TASK PROMPT:
Return, exactly, the line that contains "Some of the text" together with all lines after it to the end of the entries, and no further lines.

Image-backed grounding data:
::::::

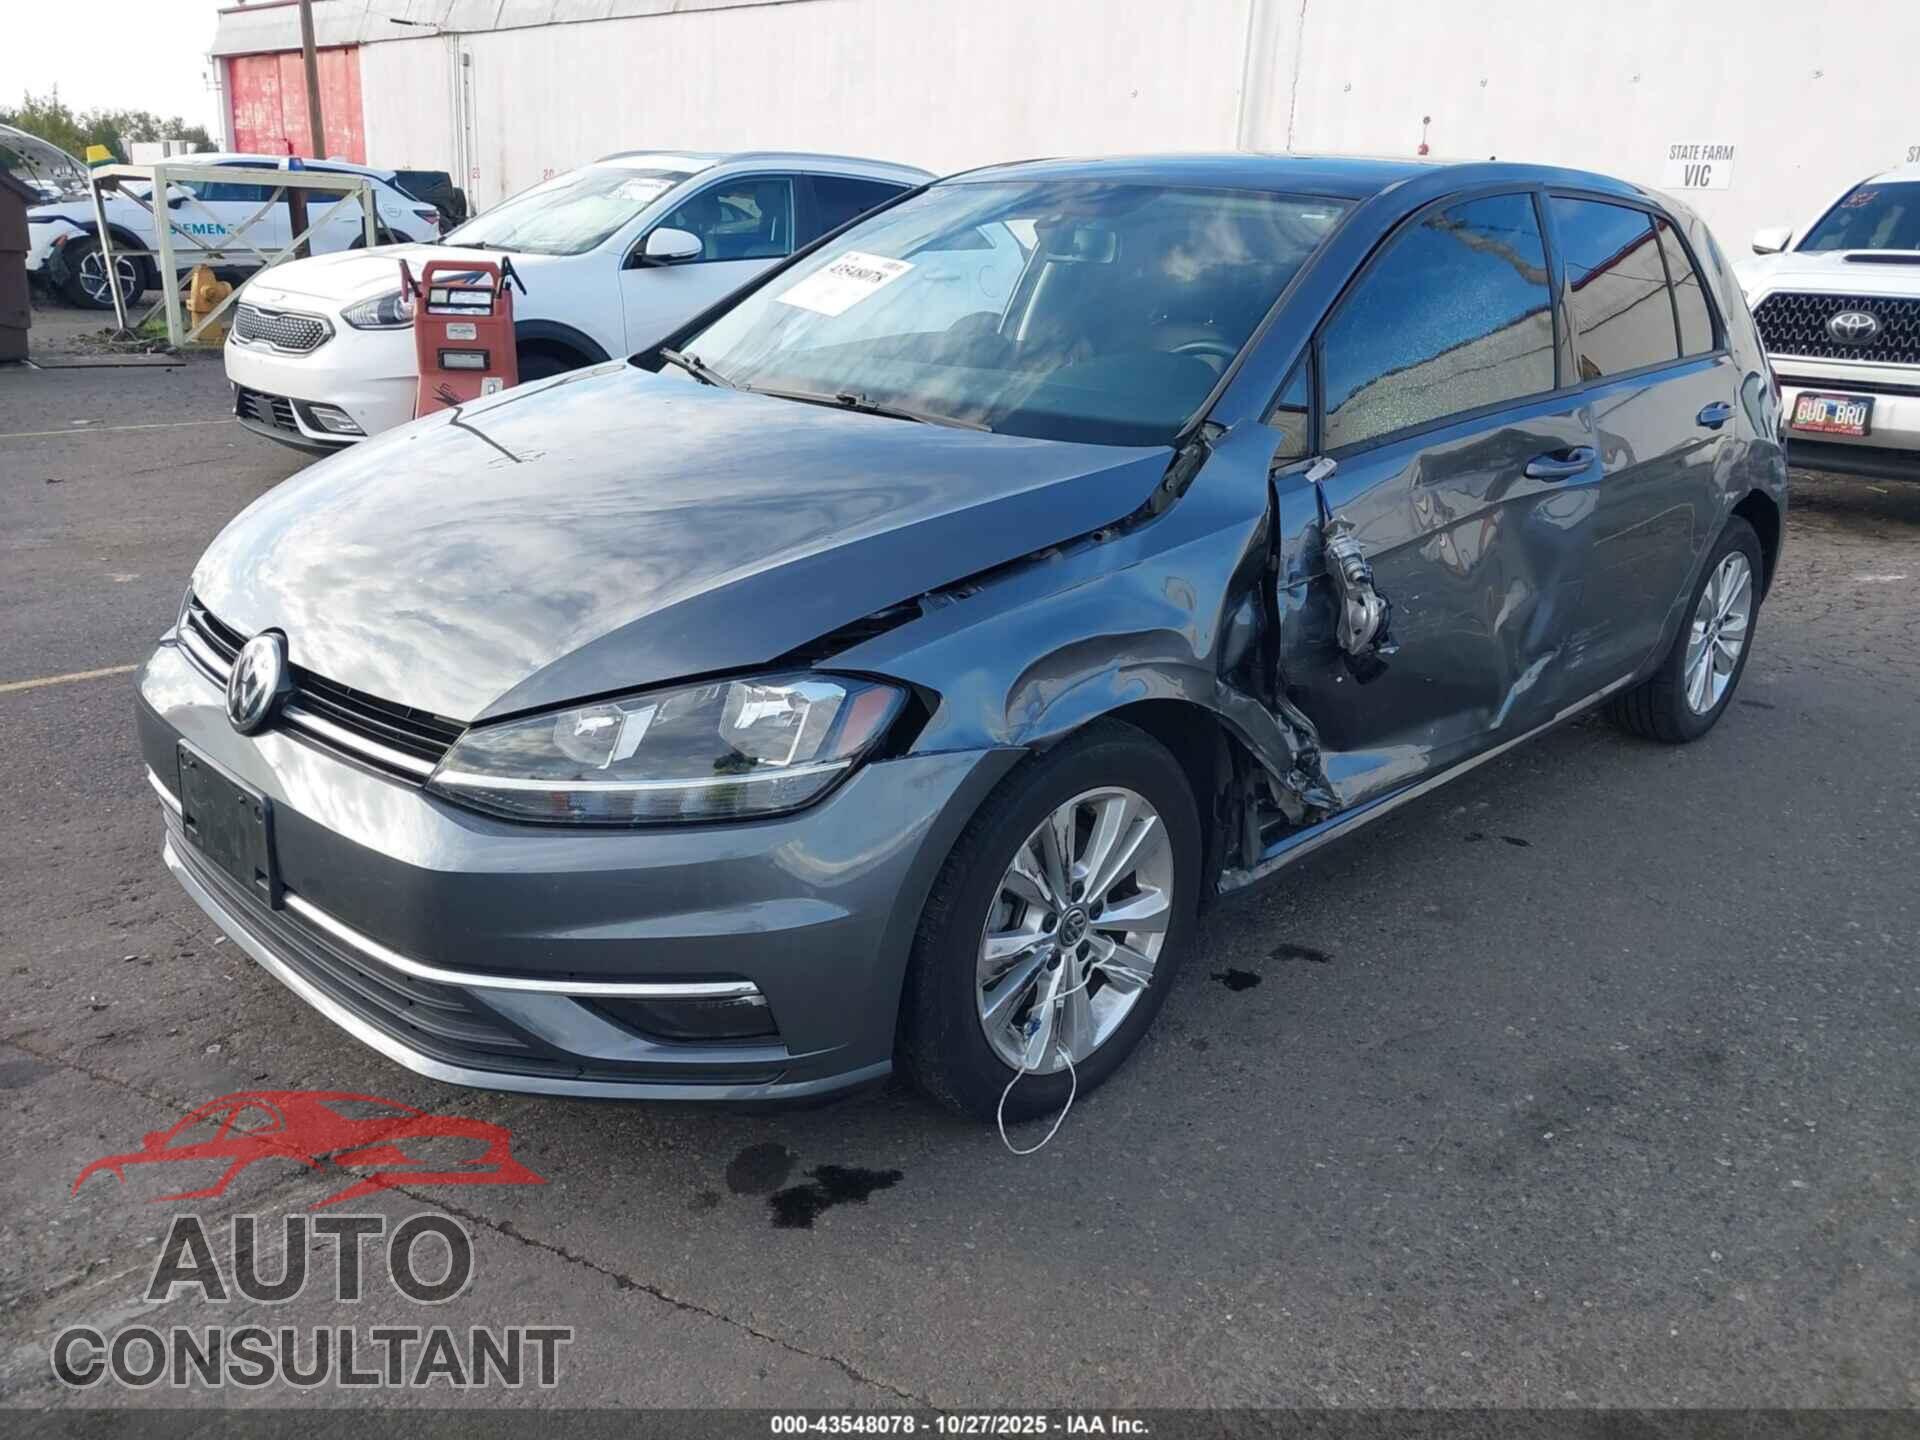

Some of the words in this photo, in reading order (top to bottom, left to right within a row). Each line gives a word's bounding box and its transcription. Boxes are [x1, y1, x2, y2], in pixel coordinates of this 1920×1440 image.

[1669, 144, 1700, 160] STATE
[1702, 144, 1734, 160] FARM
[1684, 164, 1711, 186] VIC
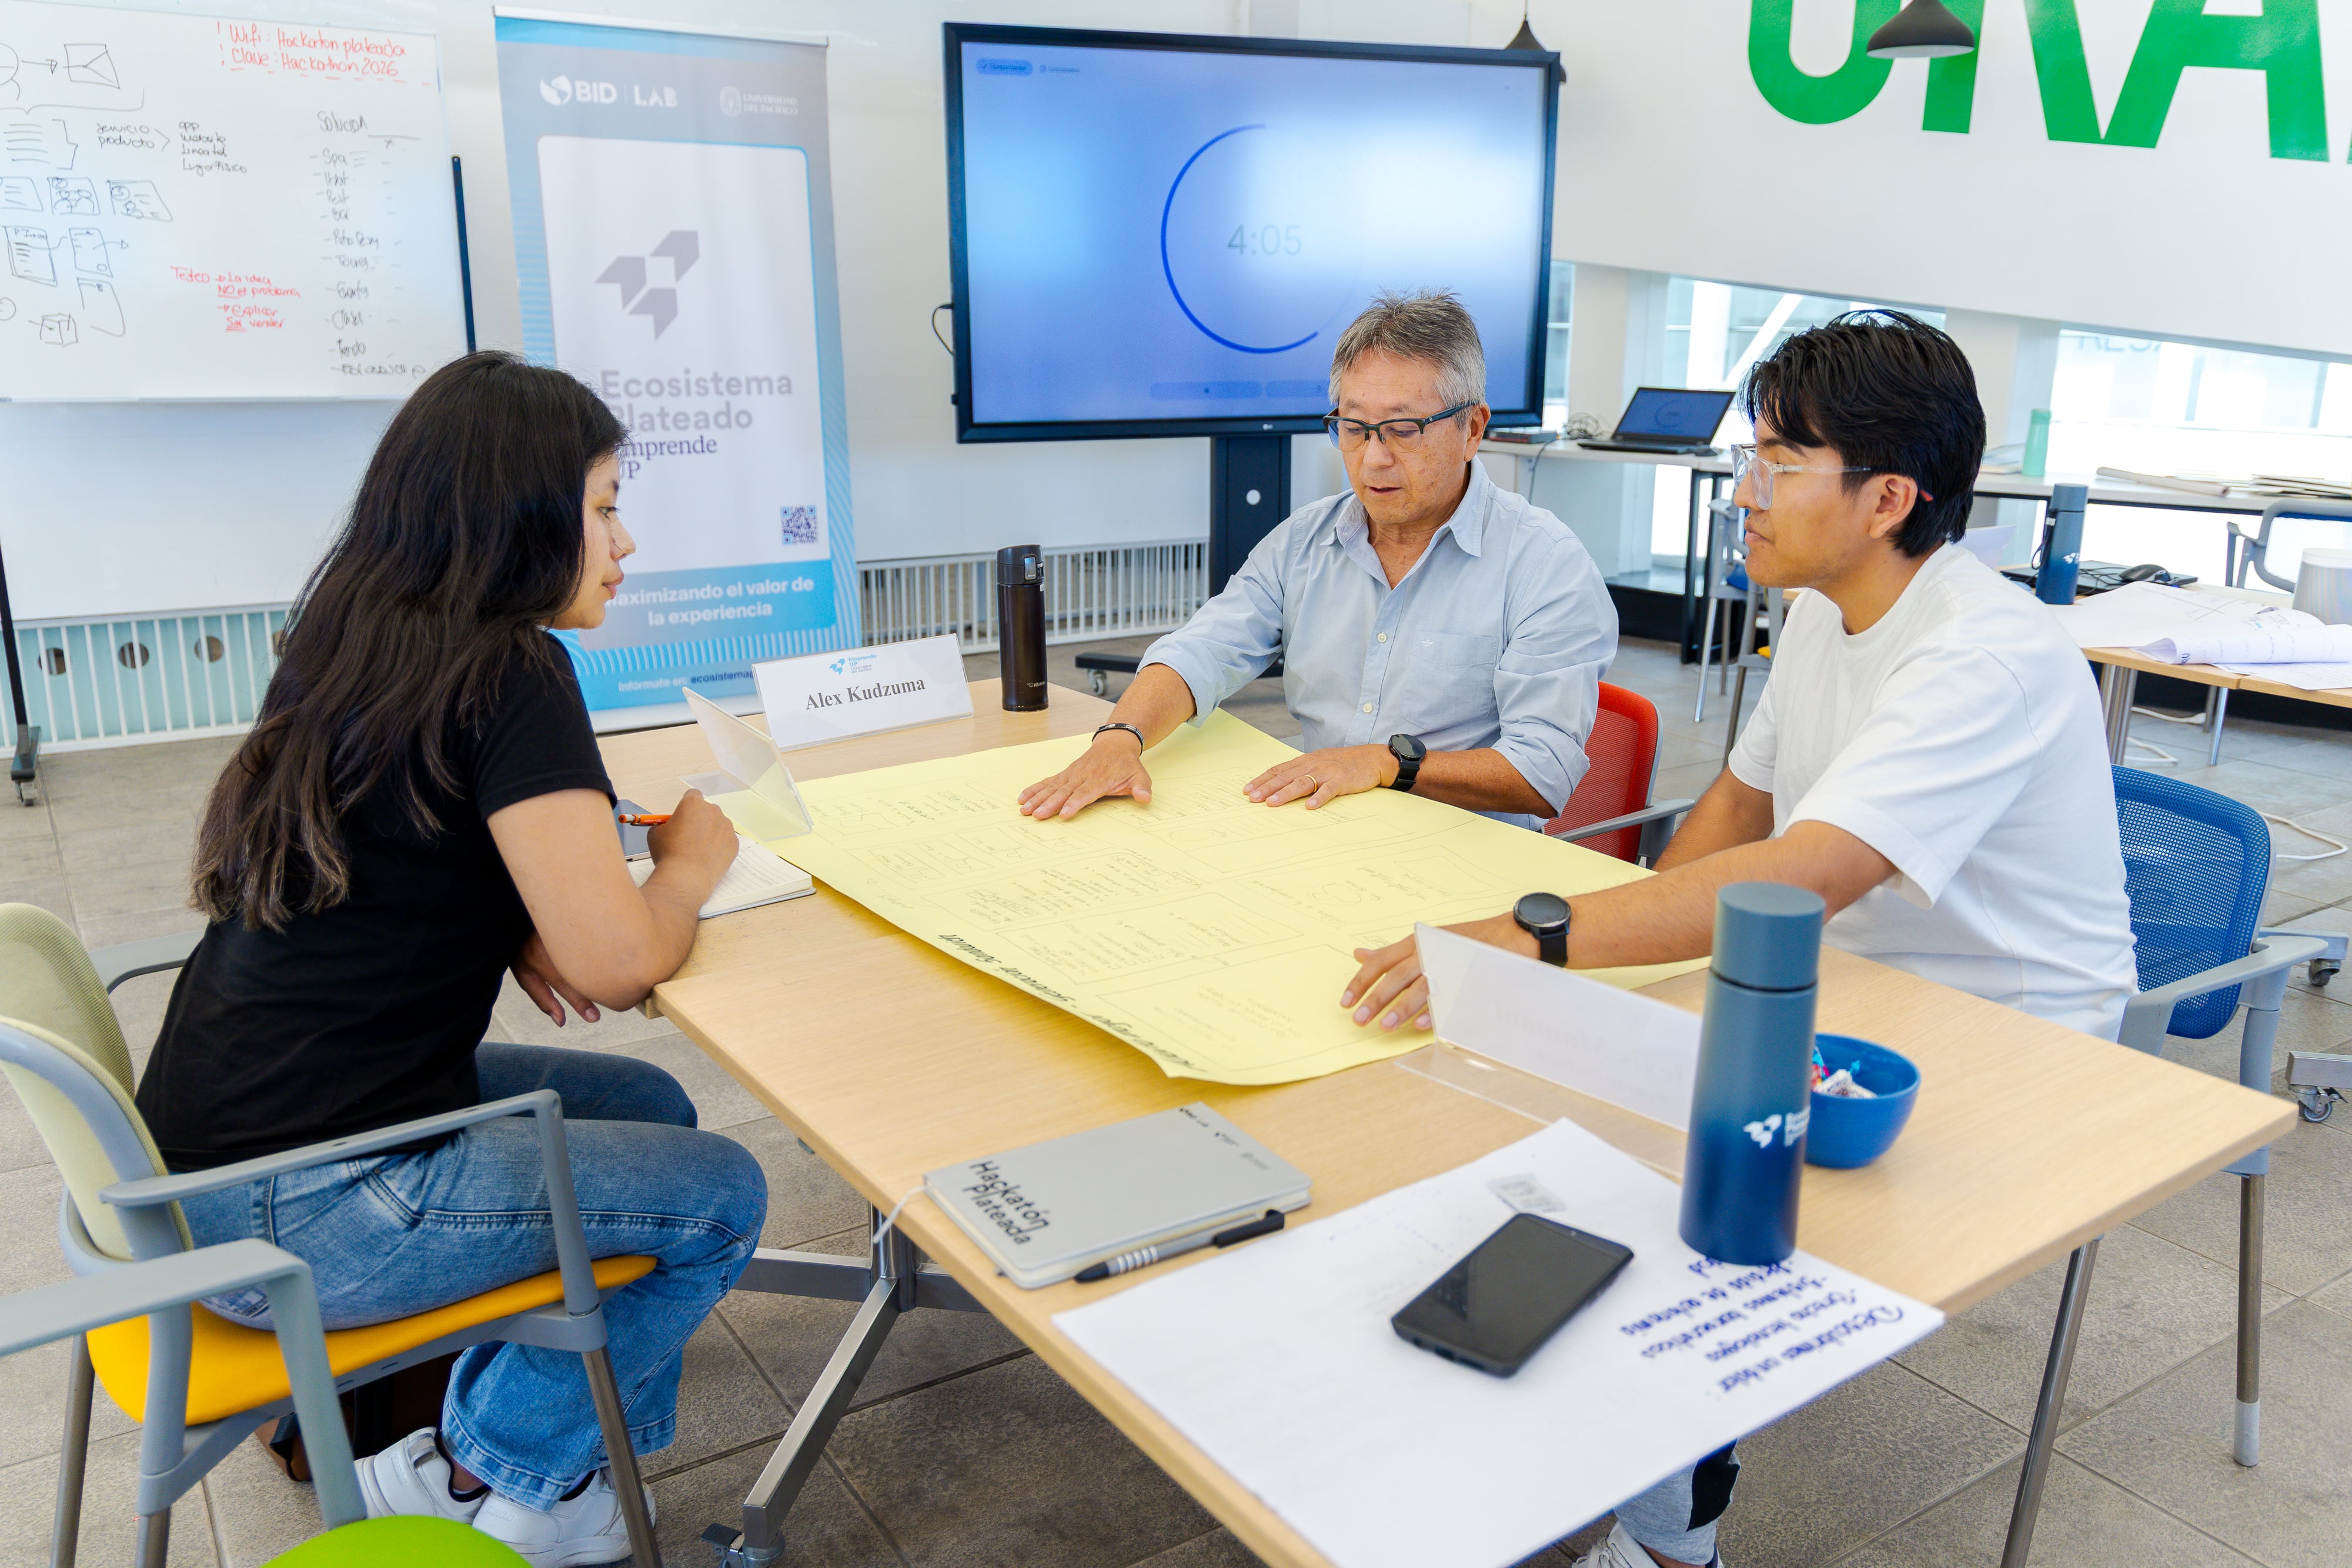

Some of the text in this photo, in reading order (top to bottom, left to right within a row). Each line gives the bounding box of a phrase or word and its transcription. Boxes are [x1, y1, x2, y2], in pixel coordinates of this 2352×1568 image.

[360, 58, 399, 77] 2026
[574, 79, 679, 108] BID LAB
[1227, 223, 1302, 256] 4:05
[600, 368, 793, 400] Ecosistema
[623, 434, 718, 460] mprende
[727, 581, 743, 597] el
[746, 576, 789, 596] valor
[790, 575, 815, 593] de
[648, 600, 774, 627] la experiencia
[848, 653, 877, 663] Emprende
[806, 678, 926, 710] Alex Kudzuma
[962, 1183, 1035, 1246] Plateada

::::::

EXPECTED OUTPUT:
Some of the text in this photo, in reading order (top to bottom, left to right within a row). Each line gives the bounding box of a phrase or word and its transcription. Boxes are [x1, y1, x2, y2], in pixel coordinates of this 2352×1568 image.

[360, 58, 399, 77] 2026
[574, 79, 679, 108] BID LAB
[1227, 223, 1302, 256] 4:05
[600, 368, 793, 400] Ecosistema
[623, 434, 718, 460] mprende
[727, 581, 743, 597] el
[746, 576, 789, 596] valor
[790, 575, 815, 593] de
[648, 600, 774, 627] la experiencia
[848, 653, 877, 663] Emprende
[806, 678, 926, 710] Alex Kudzuma
[962, 1183, 1035, 1246] Plateada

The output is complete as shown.